**Task instructions**: What you give back must match the records below exactly, apart from the pictures, which are omitted.

**Given information**:

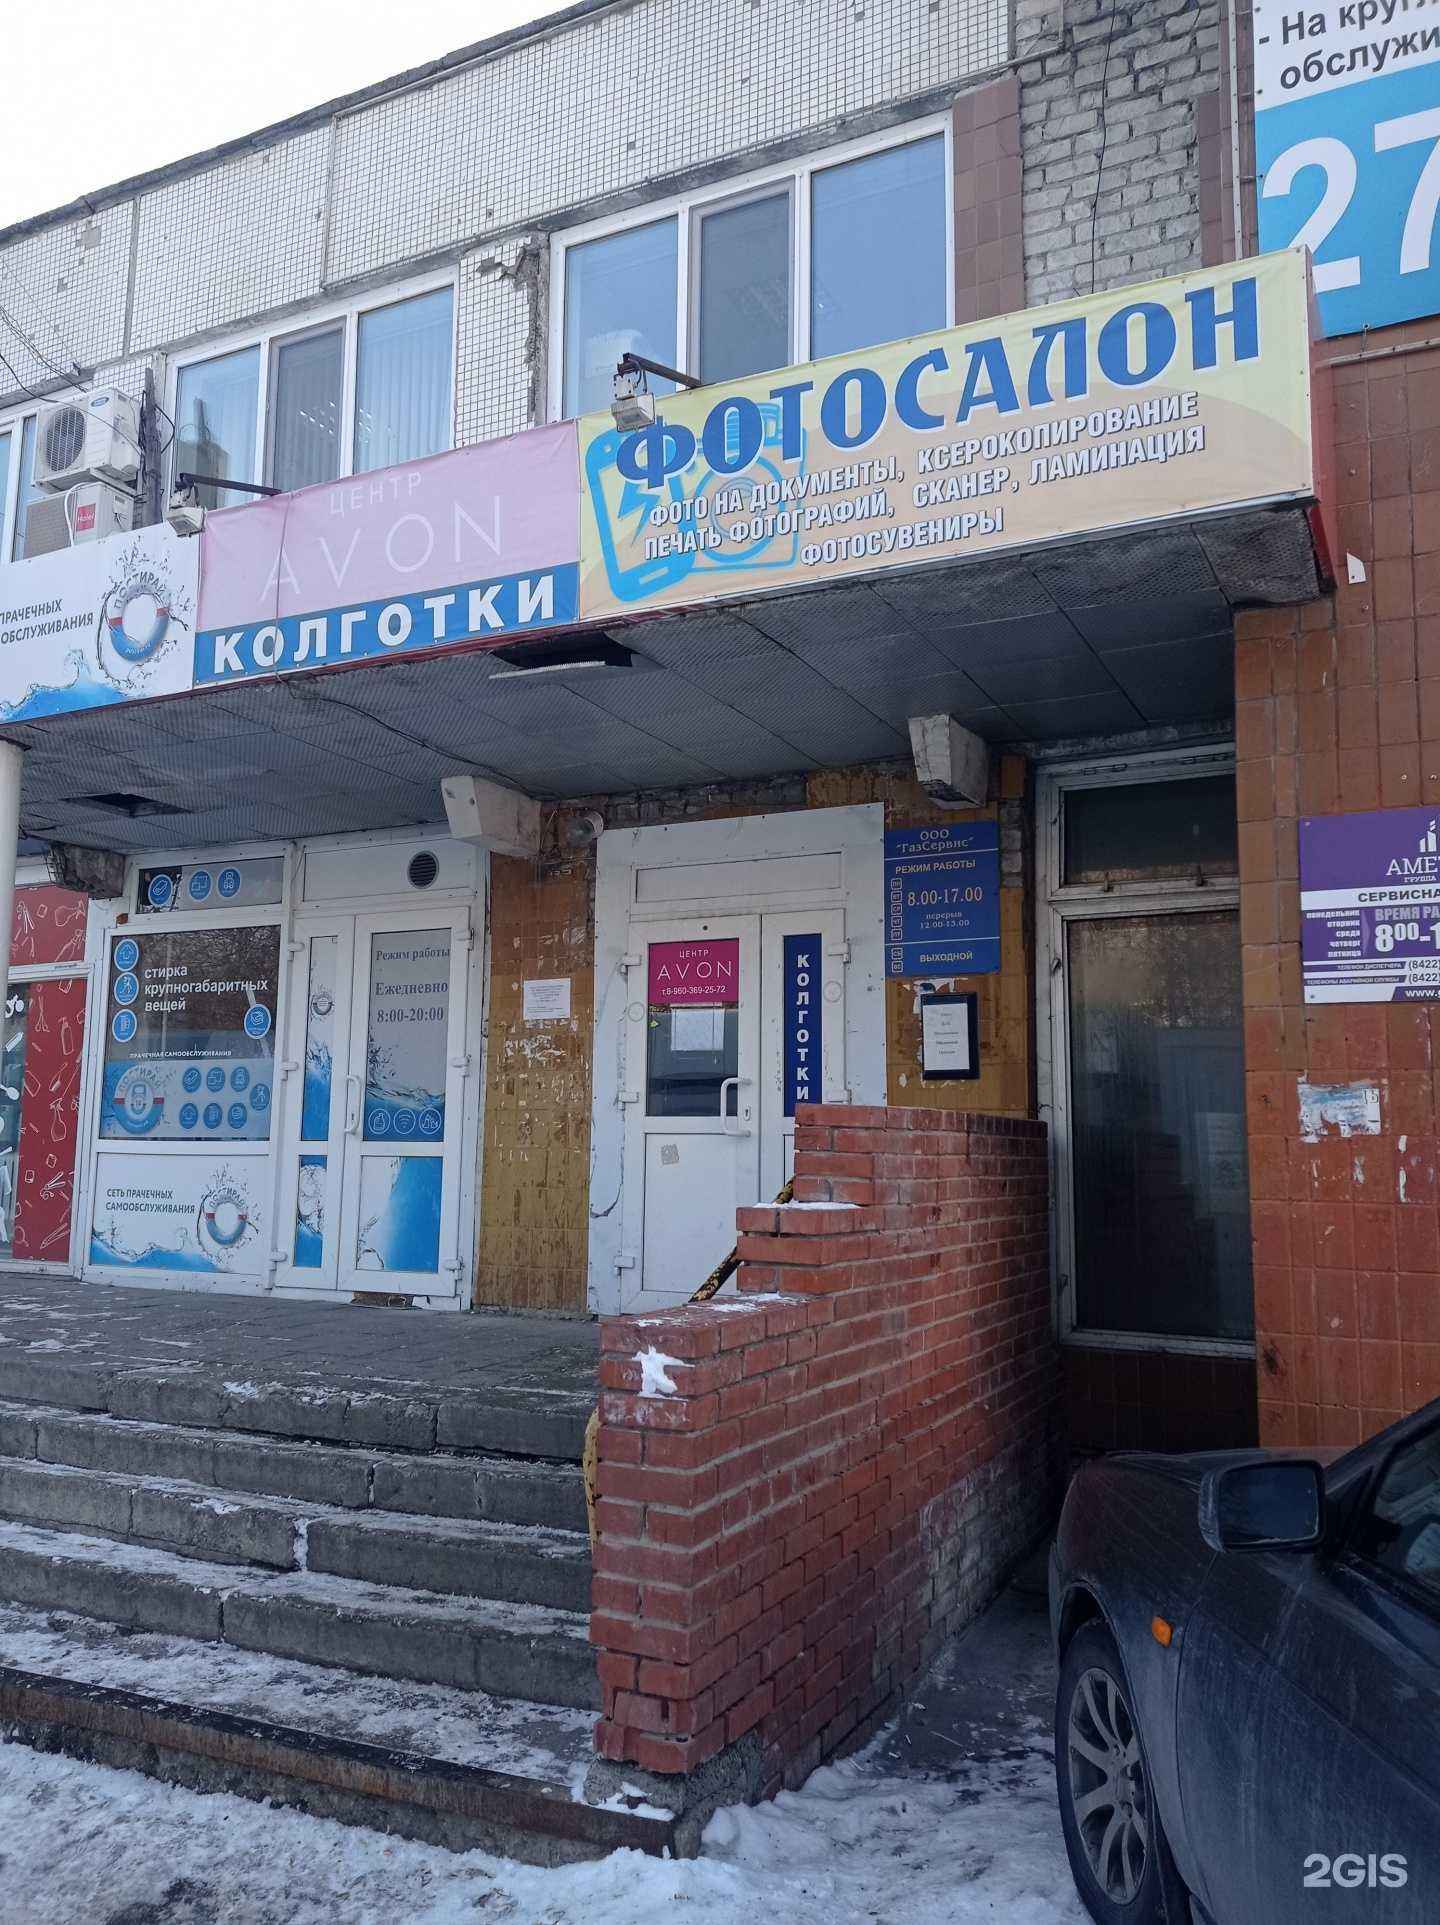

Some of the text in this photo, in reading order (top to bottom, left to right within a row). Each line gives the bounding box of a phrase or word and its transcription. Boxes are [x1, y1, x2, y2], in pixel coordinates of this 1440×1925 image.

[1282, 11, 1327, 45] На
[616, 277, 1259, 489] ФОТОСАЛОН
[649, 391, 1200, 526] ФОТО НА ДОКУМЕНТЫ, КСЕРОКОПИРОВАНИЕ
[329, 472, 423, 517] ЦЕНТР
[644, 424, 1206, 561] ПЕЧАТЬ ФОТОГРАФИЙ, СКАНЕР, ЛАМИНАЦИЯ
[800, 508, 1004, 567] ФОТОСУВЕНИРЫ
[258, 495, 502, 603] AVON
[213, 575, 556, 675] КОЛГОТКИ
[920, 829, 949, 841] ООО
[895, 859, 976, 875] РЕЖИМ РАБОТЫ
[907, 886, 983, 906] 8.00-17.00
[1375, 906, 1420, 921] ВРЕМЯ
[376, 947, 450, 961] Режим работы
[680, 949, 708, 959] ЦЕНТР
[920, 951, 973, 962] ВЫХОДНОЙ
[144, 965, 188, 979] стирка
[657, 960, 732, 980] AVON
[144, 978, 268, 998] крупногабаритных
[375, 982, 448, 996] Ежедневно
[144, 997, 186, 1013] вещей
[377, 1007, 444, 1023] 8:00-20:00
[796, 954, 810, 1100] КОЛГОТКИ
[107, 1188, 173, 1200] СЕТЬ ПРАЧЕЧНЫХ
[105, 1202, 195, 1214] САМООБСЛУЖИВАНИЯ
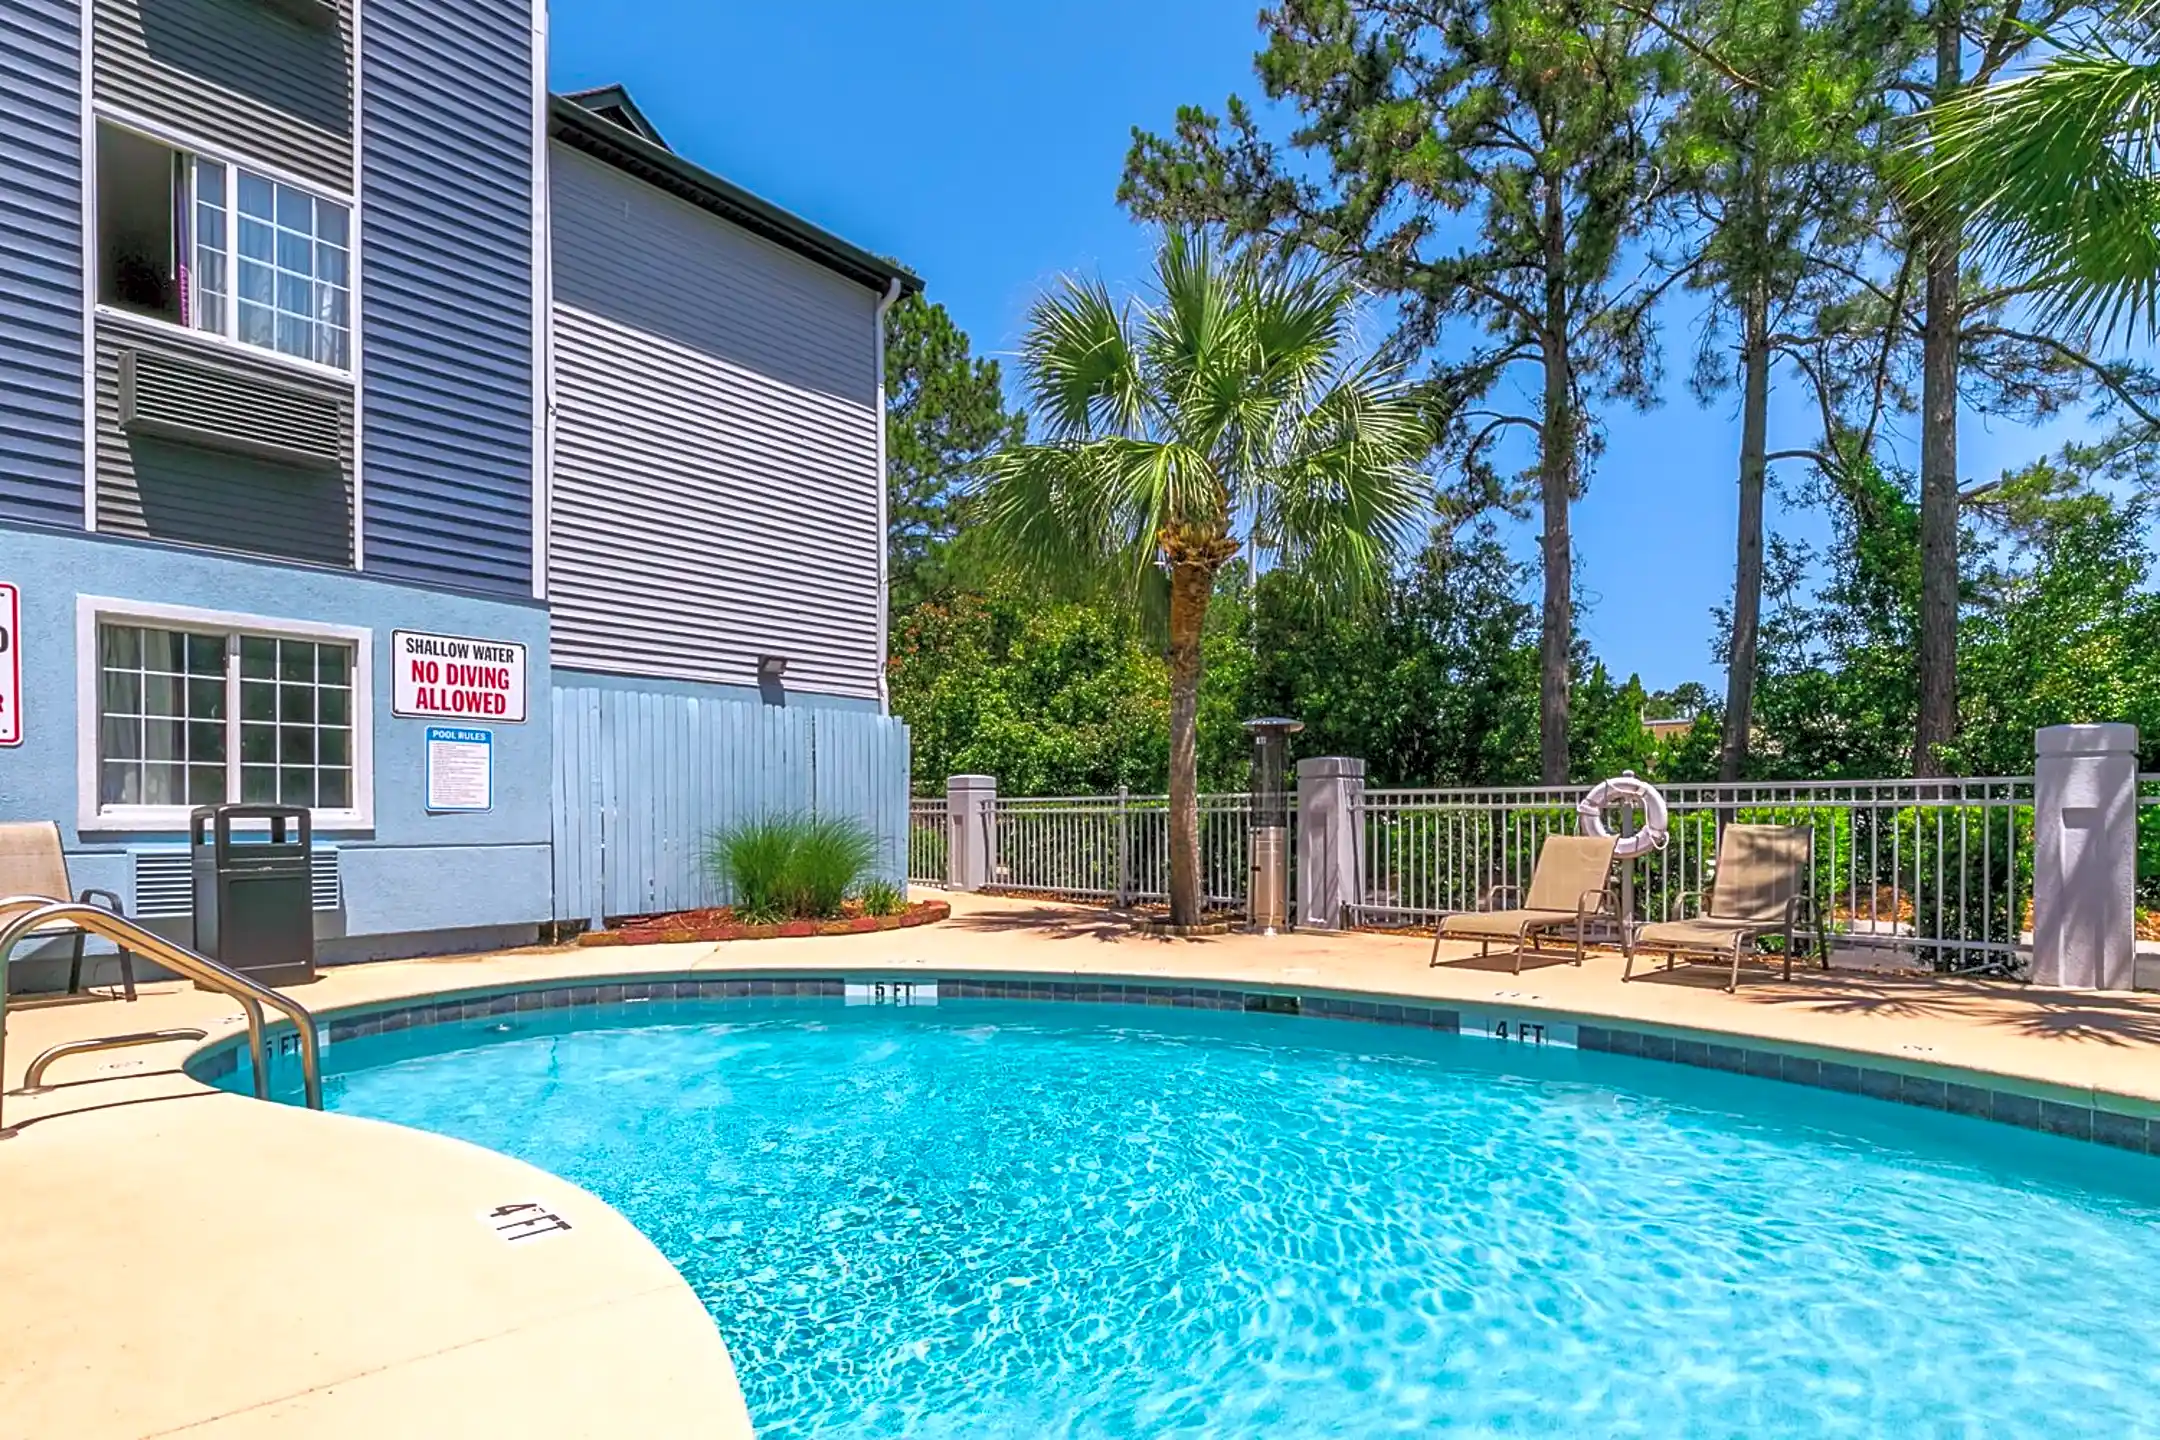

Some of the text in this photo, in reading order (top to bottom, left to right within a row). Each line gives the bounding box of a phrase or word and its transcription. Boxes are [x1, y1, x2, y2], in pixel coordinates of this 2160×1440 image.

[405, 637, 515, 663] SHALLOW WATER
[411, 660, 510, 690] NO DIVING
[415, 687, 507, 715] ALLOWED
[432, 729, 487, 741] POOL RULES
[875, 981, 913, 998] 5 FT
[281, 1032, 302, 1056] FT
[1496, 1021, 1545, 1043] 4 FT

**Expected answer**:
Some of the text in this photo, in reading order (top to bottom, left to right within a row). Each line gives the bounding box of a phrase or word and its transcription. Boxes are [x1, y1, x2, y2], in pixel coordinates of this 1440×1925 image.

[1282, 11, 1327, 45] На
[616, 277, 1259, 489] ФОТОСАЛОН
[649, 391, 1200, 526] ФОТО НА ДОКУМЕНТЫ, КСЕРОКОПИРОВАНИЕ
[329, 472, 423, 517] ЦЕНТР
[644, 424, 1206, 561] ПЕЧАТЬ ФОТОГРАФИЙ, СКАНЕР, ЛАМИНАЦИЯ
[800, 508, 1004, 567] ФОТОСУВЕНИРЫ
[258, 495, 502, 603] AVON
[213, 575, 556, 675] КОЛГОТКИ
[920, 829, 949, 841] ООО
[895, 859, 976, 875] РЕЖИМ РАБОТЫ
[907, 886, 983, 906] 8.00-17.00
[1375, 906, 1420, 921] ВРЕМЯ
[376, 947, 450, 961] Режим работы
[680, 949, 708, 959] ЦЕНТР
[920, 951, 973, 962] ВЫХОДНОЙ
[144, 965, 188, 979] стирка
[657, 960, 732, 980] AVON
[144, 978, 268, 998] крупногабаритных
[375, 982, 448, 996] Ежедневно
[144, 997, 186, 1013] вещей
[377, 1007, 444, 1023] 8:00-20:00
[796, 954, 810, 1100] КОЛГОТКИ
[107, 1188, 173, 1200] СЕТЬ ПРАЧЕЧНЫХ
[105, 1202, 195, 1214] САМООБСЛУЖИВАНИЯ

Some of the text in this photo, in reading order (top to bottom, left to right within a row). Each line gives the bounding box of a phrase or word and its transcription. Boxes are [x1, y1, x2, y2], in pixel coordinates of this 2160×1440 image.

[405, 637, 515, 663] SHALLOW WATER
[411, 660, 510, 690] NO DIVING
[415, 687, 507, 715] ALLOWED
[432, 729, 487, 741] POOL RULES
[875, 981, 913, 998] 5 FT
[281, 1032, 302, 1056] FT
[1496, 1021, 1545, 1043] 4 FT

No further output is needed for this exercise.